Crimes fascistes et état d’urgence : un silence infini ?

Après deux ans d’état d’urgence, le dispositif justifié par l’anti-terrorisme n’en finit plus d’être invoqué pour museler la contestation. Depuis les manifs contre la COP 21 en 2015 jusqu’à la dénonciation des crimes policiers en 2017, en passant par le mouvement contre la loi travail en 2016, les perquisitions, arrestations, assignations à domicile et interdictions de rassemblements, ont permis à l’État d’intimider de tout autres ennemis que les islamistes. Au mois de novembre, les dispositions de l’état d’urgence vont entrer dans le droit commun. Par ces temps de crise sociale, l’exemple de Lille est éloquent quant aux conséquences qu’une telle loi peut avoir sur les luttes. Depuis le printemps dernier, un scénario digne des pires séries policières montre que la réalité dépasse parfois cruellement la fiction.

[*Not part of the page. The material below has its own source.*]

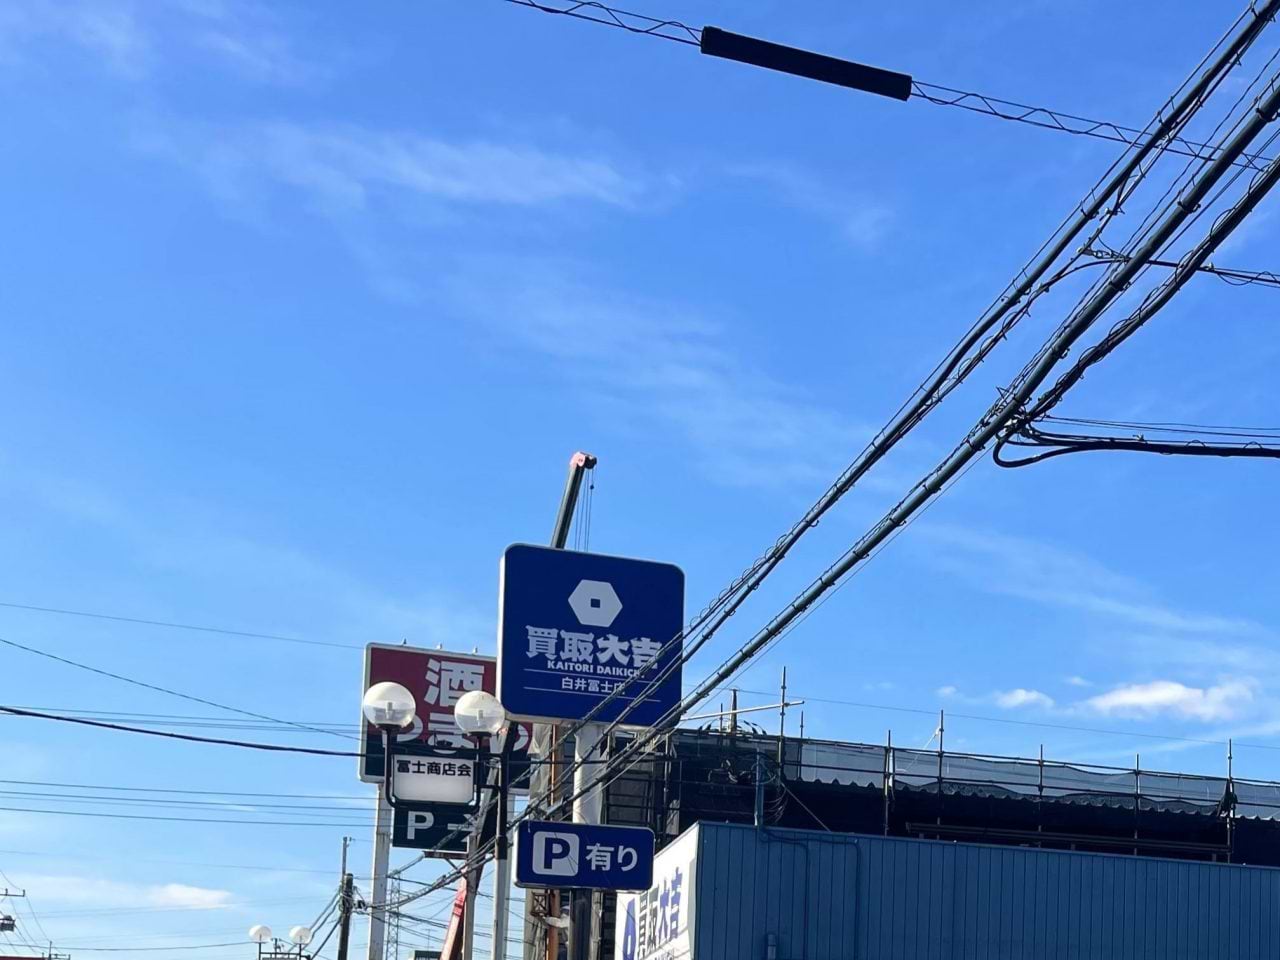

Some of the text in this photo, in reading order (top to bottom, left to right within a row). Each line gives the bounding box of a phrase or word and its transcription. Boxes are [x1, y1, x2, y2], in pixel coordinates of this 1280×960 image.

Et que l’état d’urgence est un outil idéal pour que tout le monde demeure spectateur devant les pires saloperies.
Les multiples révélations sur un groupe de l’extrême-droite lilloise n’en finissent pas de mettre en évidence les fausses vertus de la mécanique répressive. A Lille, il est désormais notoire que la police et la gendarmerie ont protégé des militants d’extrême droite vendeurs d’armes, qui ont fourni à des islamistes une partie de l’attirail qui a servi aux attentats de novembre 2015. Ces mêmes attentats légitimant l’application d’un état d’urgence qui sert lui-même à réprimer celles et ceux qui dénoncent cet engrenage, la boucle est bouclée.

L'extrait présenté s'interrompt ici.